Tincion De Gram

Tinción de Gram

I. Introducción

El tamaño de las bacterias impide verlas a simple vista, sin embargo, las colonias que se forman en medios solidos si son visibles, de esta manera se puede hacer una observación a simple vista o macroscópica, en las colonias se puede estudiar una serie de características que nos ayudan a una ligera identificación, como a nivel morfológico (forma de las colonias), elevación, margen o borde y color de las colonias; es decir que por medio de una observación macroscópica no se puede identificar al tipo de bacterias, es por esto que se debe realizar una observación microscópica.

Ramos y Pérez (2004), las células microbianas se reproducen habitualmente con tal rapidez que en 18-24 horas dan lugar a la aparición de masas visibles de células sobre medios solidos que se denominan colonias. Cada colonia se considera que está formada por un único tipo de microorganismo. Las colonias tienen una morfología característica que se estudia a simple vista con la ayuda de una lupa. Las características más importantes de las colonias y cuyo estudio tiene interés en la caracterización son los siguientes:

• Forma: puede ser puntiforme, circular, irregular, filamentosa, rizoide u ovalada.

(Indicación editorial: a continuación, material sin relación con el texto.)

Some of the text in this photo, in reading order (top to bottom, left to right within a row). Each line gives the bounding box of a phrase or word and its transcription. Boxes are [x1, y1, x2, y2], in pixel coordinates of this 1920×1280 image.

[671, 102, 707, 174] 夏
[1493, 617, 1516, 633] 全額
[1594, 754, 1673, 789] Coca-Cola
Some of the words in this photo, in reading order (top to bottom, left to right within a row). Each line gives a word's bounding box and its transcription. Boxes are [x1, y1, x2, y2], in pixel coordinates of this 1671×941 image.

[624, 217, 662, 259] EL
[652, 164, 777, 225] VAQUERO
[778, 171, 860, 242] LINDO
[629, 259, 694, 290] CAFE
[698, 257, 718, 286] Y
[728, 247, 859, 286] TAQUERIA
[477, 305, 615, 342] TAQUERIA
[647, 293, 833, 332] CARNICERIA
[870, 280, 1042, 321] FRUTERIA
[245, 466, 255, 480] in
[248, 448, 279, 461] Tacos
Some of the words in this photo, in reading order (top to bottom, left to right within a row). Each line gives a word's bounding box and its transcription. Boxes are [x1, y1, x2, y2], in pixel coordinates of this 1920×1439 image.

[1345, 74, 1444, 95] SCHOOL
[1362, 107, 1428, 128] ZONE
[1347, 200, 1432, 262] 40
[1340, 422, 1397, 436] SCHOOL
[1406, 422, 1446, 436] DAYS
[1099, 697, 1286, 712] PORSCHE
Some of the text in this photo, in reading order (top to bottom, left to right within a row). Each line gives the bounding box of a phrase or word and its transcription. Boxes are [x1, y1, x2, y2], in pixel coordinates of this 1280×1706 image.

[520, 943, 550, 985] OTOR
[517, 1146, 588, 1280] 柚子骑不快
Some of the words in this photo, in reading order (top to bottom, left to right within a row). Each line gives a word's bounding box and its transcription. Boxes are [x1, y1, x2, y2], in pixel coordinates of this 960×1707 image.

• Tamaño: se mide en mm. Se dice que es puntiforme si mide menos de 1mm.

• Elevación: vistas de perfil las colonias pueden ser plana, elevada (o en relieve), convexa, pulvinada (más elevada que convexa), mamelonada (con una protuberancia central), o umbilicada (con una depresión central).

• Forma del borde: puede ser entero, ondulado, lobulado, dentado (o aserrado), filamentoso y rizado.

• Superficie: puede ser lisa, rugosa, mate, brillante, transparente u opaca.

• Color: presencia de colores característicos y difusión de pigmentos en el medio.

• Capacidad de emulsión en agua: puede formar una suspensión uniforme, formar una suspensión grumosa o no se emulsiona.

En este laboratorio solo se tomó en cuenta la forma, borde, elevación y color.

La observación microscópica es una de las características de la microbiología y aunque es posible observar ciertos microorganismos sin colorear (por ejemplo protozoarios), en el caso de las bacterias es necesario la coloración de los preparados para aumentar el contraste con el fondo. Existen diversos métodos de coloración para una observación microscópica, como ser: tinción de Ziehl Neelsen, coloración de esporas, coloración de flagelos, tinción de Gram, y muchos otros, el que nosotros realizamos fue el último.

Según Garcia (2010) las referencias a la morfología celular bacteriana (cocos, bacilos, positivos, negativos, etc.) se basan en la tinción de Gram. Sobre la base de su tinción de Gram, las bacterias pueden dividirse en dos grupos, Gram positivas y Gram negativas (en este caso, los términos positivo y negativo no tienen que ver con la carga eléctrica, sino simplemente designan dos grupos morfológicos distintos de bacterias).

Las Bacterias Gram positivas y Gram negativas tiñen de forma distinta debido a las diferencias constitutivas en la estructura de sus paredes celulares. La pared de la célula bacteriana sirve para dar su tamaño y forma al organismo.

García (2010), el material de la pared celular bacteriana que confiere rigidez es el peptidoglicano. La pared de las células Gram positivas es gruesa y consiste en varias capas interconectadas de peptidoglicano así como algo de ácido teicoico, generalmente, 80% a 90% de la pared de la célula Gram positiva es peptidoglicano. La pared de la célula Gram negativa, por otro lado contiene una capa mucho más delgada únicamente de peptidoglicano y está rodeada por una membrana exterior compuesta de fosfolípidos, lipopolisacaridos y lipoproteínas. Solo de un 10% a 20% de la pared de la célula Gram negativa es peptidoglicano.

Las células Gram positivas, a causa de que sus paredes celulares son más espesas en peptidoglicano y menos lípidos, no son permeables al disolvente, ya que este deshidrata la pared celular y cierra los poros, disminuyendo así el espacio entre las moléculas y provocando que el complejo cristal violeta-yodo quede atrapado dentro de la pared celular. Mientras que para las Gram negativas se utiliza una coloración de contraste, habitualmente es un colorante de color rojo, como la safranina o la fuscina básica. Después de la coloración de contraste las células Gram negativas son rojas, mientras que las Gram positivas permanecen azules.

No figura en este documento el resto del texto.